Digital puts the success of the customer at the center of the universe, with Account Managers and Partners as the direct contacts in meeting their needs. In this model, ABUs, Product and Service Creation Units and Account Business Units each have a unique value in meeting customer needs. In addition, each group, working together adds a joint value.
Application Business Units (ABUs) are organized in four "clusters," based on the similarity of customer needs, plus two additional business units — General Systems Business and Telecommunications. The clusters are Service Industry, managed by Bill Steul; Manufacturing Applications, managed by Peter Smith (acting); Public Sector Applications, managed by Harvey Weiss; and Cross-Industry Applications, managed by Henry Ancona.
The Service Industry Cluster includes seven ABUs:
o Banking, managed by Norm Goldberg;
o Insurance, Sandy Thomas;
o Media, Bob Farquhar;
o Utilities, Bill Steul (acting);
o Retail, Bill Steul (acting);
o Travel, Bill Steul (acting); and
o Professional Services, Bill Steul (acting).

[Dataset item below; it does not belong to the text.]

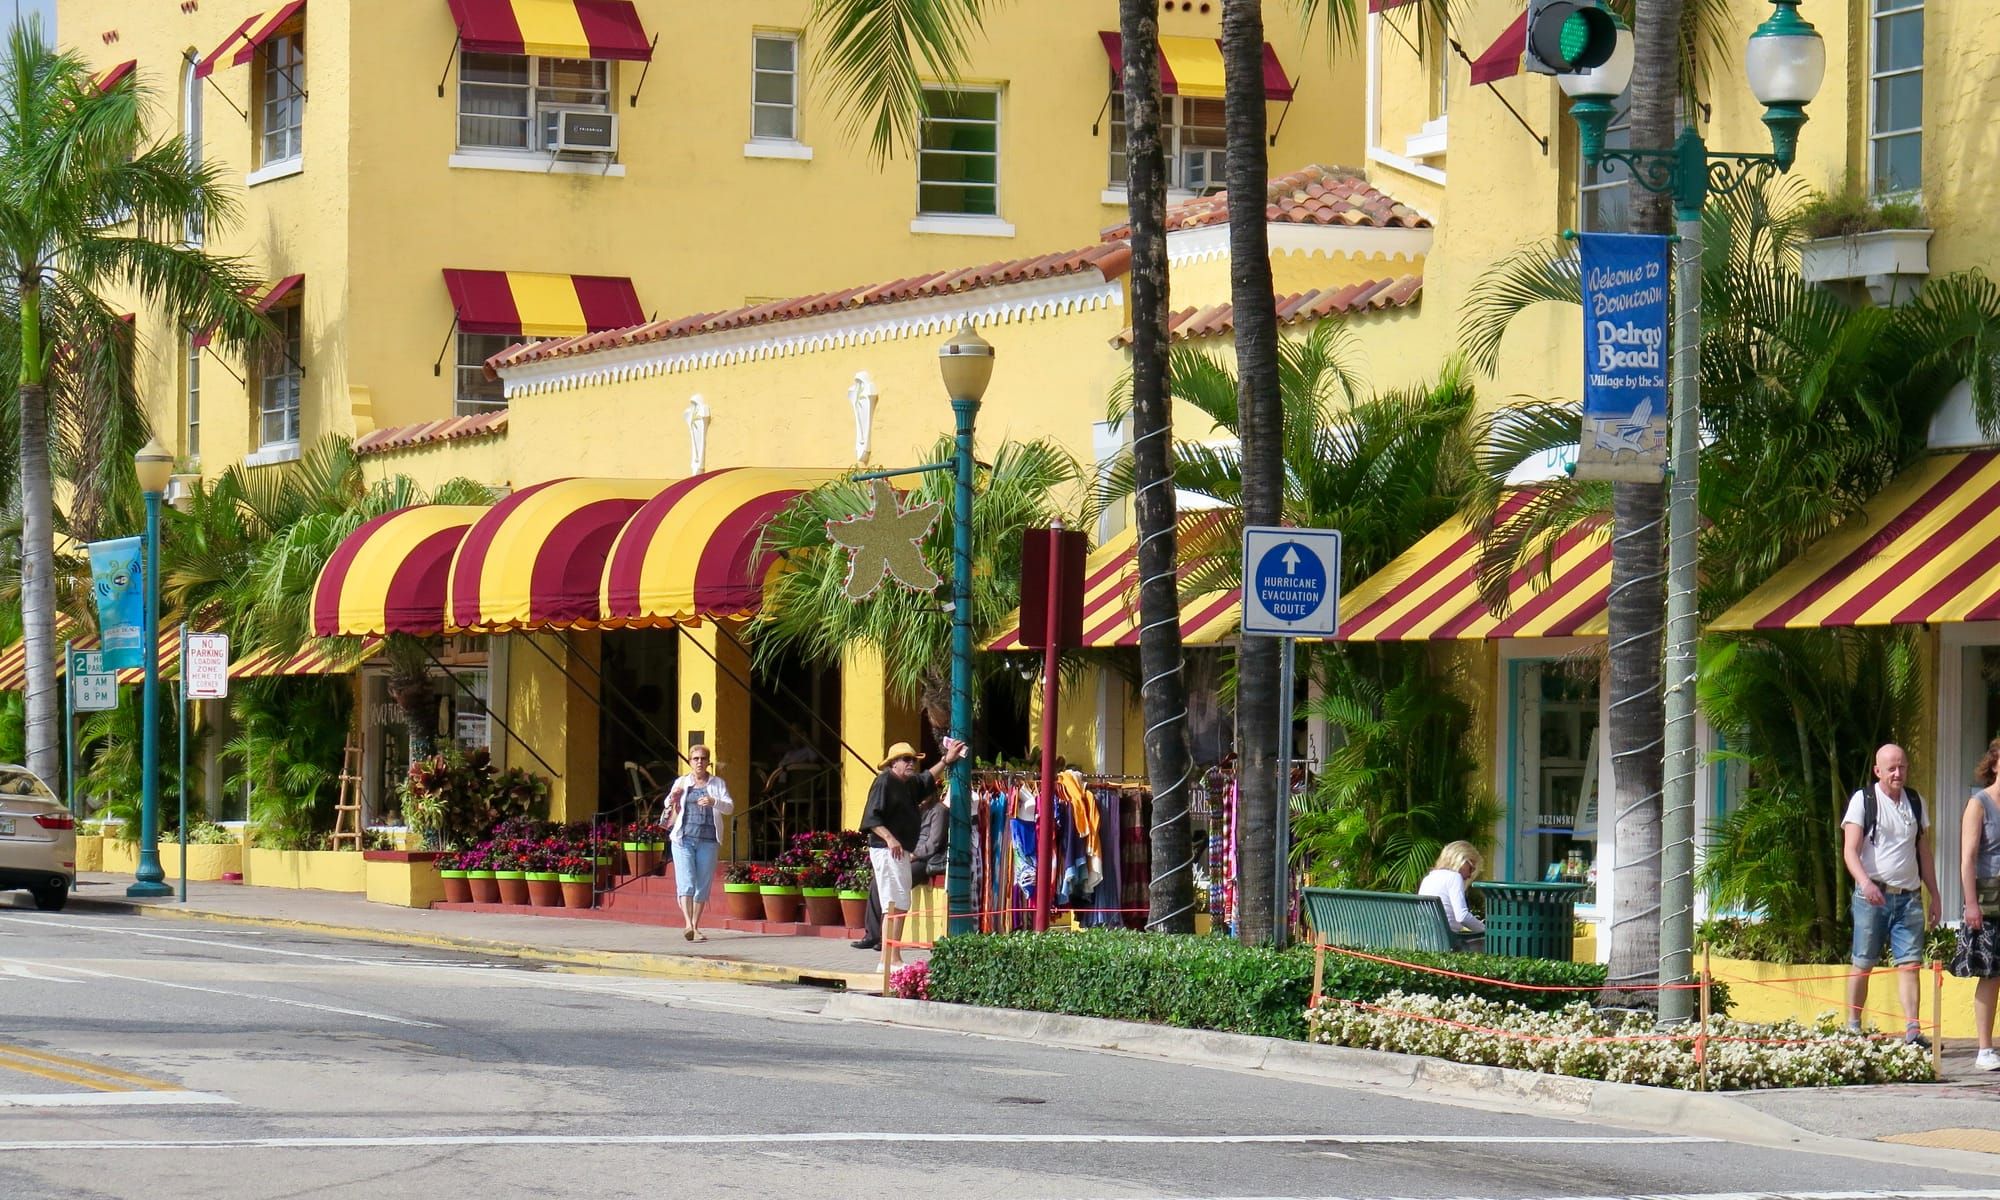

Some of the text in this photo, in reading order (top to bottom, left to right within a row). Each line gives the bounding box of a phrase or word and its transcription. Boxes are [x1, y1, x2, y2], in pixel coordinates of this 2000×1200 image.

"Where an existing industry group like Insurance has close ties to U.S. Sales, we’ll use that as a base," explains Pete Smith, vice president, Product and Industry Marketing.
"And we’ll provide the group with product, application and system engineering support as necessary - and help them expand and implement their successful field programs on a worldwide basis.
For those product groups like CIM and the Engineering Systems Group that are strong on the product side, we’ll do our best to make sure that they have strong connections to the field worldwide."
In the Manufacturing Cluster, ABUs have been organized around application segments, and are focused on meeting the needs of functional managers in:
o manufacturing — CIM Marketing and Product Development (CMPD), managed by Dave Copeland;
o engineering - Engineering Systems Group (ESG), Dave Copeland (acting);
o sales and distribution - Sales and Distribution Systems (SDS), Eli Lipcon; and o research and development Industrial Research/Lab, Robert Home.
The Industrial Research/Lab Applications Business Unit is built on a segment of the Laboratory Data Products (LDP) group. The expertise in the LDP group will focus more specifically by industry and functional expertise. Industrial Research Applications will focus primarily on research and development in the process industries.
The Public Sector Applications Cluster includes:
o Education, managed by Bob Trocchi;
o Health Care, Willow Shire;
o Science, Willow Shire;
o State and Local Government, Bob Trocchi; and
o Govemment/Systems, Harvey Weiss (acting).
The Govemment/Systems Group focuses on the U.S. Federal Government.
An additional business unit, General Systems Business, managed by Gary Eichhom, has been created to focus on the the small business market, with its distinct need for low cost of sales, complete application specific solutions, value-added service and unique distribution requirements.
Also, Telecommunications, managed by Ernst Wellhoener, headquartered in Valbonne, France, has responsibility for the worldwide telecommunications industry.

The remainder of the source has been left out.